Pembangunan tahap pertama yang menelan anggaran sebesar Rp10,9 miliar ini telah menyediakan berbagai sarana esensial, mulai dari lapangan basket berstandar baik hingga lintasan lari (jogging track) yang mengelilingi area taman. “Inisiatif ini adalah buah kolaborasi harmonis antara Pemprov DKI dan legislatif untuk memastikan warga Jakarta tidak kekurangan ruang untuk bergerak dan hidup sehat,” jelas Pramono.
Meski tahap pertama telah diresmikan, Pramono menegaskan bahwa pembangunan tidak berhenti di sini. Ia memberikan instruksi tegas kepada Walikota Jakarta Barat dan Dinas Pemuda dan Olahraga (Dispora) untuk segera merampungkan perencanaan pembangunan tahap kedua dalam kurun waktu satu bulan.
Untuk penyempurnaan fasilitas penunjang lainnya, Pemprov DKI memproyeksikan tambahan anggaran sebesar Rp12 miliar. Gubernur bahkan memberikan ultimatum bahwa jika dalam sebulan perencanaan tersebut belum tuntas, pihak Balai Kota akan mengambil alih koordinasi secara langsung guna menjamin percepatan proyek. Beberapa usulan warga, seperti pemasangan lampu penerangan (lighting) berkualitas tinggi dan pengadaan videotron, juga langsung direspons positif agar taman ini bisa berfungsi optimal hingga malam hari.

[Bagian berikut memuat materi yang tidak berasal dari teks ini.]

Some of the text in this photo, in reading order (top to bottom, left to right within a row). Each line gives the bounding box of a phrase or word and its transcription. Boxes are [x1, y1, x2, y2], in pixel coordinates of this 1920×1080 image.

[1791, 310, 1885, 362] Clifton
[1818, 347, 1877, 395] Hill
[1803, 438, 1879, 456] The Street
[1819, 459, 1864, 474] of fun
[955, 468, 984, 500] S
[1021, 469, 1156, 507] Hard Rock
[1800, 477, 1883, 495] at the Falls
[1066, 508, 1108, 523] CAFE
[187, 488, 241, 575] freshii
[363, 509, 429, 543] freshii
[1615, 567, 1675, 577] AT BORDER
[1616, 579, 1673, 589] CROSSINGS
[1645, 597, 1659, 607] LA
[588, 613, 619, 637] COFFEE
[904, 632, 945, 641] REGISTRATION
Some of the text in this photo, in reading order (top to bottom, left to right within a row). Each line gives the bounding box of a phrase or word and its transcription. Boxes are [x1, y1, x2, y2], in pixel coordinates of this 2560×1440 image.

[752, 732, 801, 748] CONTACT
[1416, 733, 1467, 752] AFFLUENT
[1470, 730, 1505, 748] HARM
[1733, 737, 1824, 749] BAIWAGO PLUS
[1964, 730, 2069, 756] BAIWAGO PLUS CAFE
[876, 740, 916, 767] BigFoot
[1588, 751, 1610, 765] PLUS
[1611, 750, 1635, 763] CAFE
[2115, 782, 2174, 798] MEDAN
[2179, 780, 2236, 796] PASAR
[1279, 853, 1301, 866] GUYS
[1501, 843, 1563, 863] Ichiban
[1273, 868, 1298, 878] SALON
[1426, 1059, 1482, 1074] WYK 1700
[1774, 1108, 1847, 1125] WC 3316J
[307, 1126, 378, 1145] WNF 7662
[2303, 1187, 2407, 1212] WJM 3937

Sementara itu, Ketua Komisi E DPRD DKI Jakarta, KH. M. Subki, menitipkan pesan mendalam bagi warga Meruya Utara. Ia menekankan bahwa tantangan terbesar dari fasilitas publik bukanlah membangun, melainkan merawat. Ia mengajak masyarakat untuk menumbuhkan rasa memiliki (sense of belonging) yang tinggi terhadap Maroedja Sport Park.
”Anggaran miliaran rupiah akan sia-sia jika keterlibatan masyarakat dalam menjaga kebersihan dan ketertiban masih minim. Mari kita jadikan taman ini sebagai aset kebanggaan yang awet dan terus bermanfaat bagi anak cucu kita ke depan,” ajak Subki.
Dengan penekanan tombol sirine dan penandatanganan prasasti, Maroedja Sport Park kini resmi beroperasi. Fasilitas ini diharapkan tidak hanya menjadi tempat berolahraga, tetapi juga menjadi paru-paru kota baru yang mampu menurunkan tingkat polusi dan meningkatkan kebahagiaan warga di Jakarta Barat.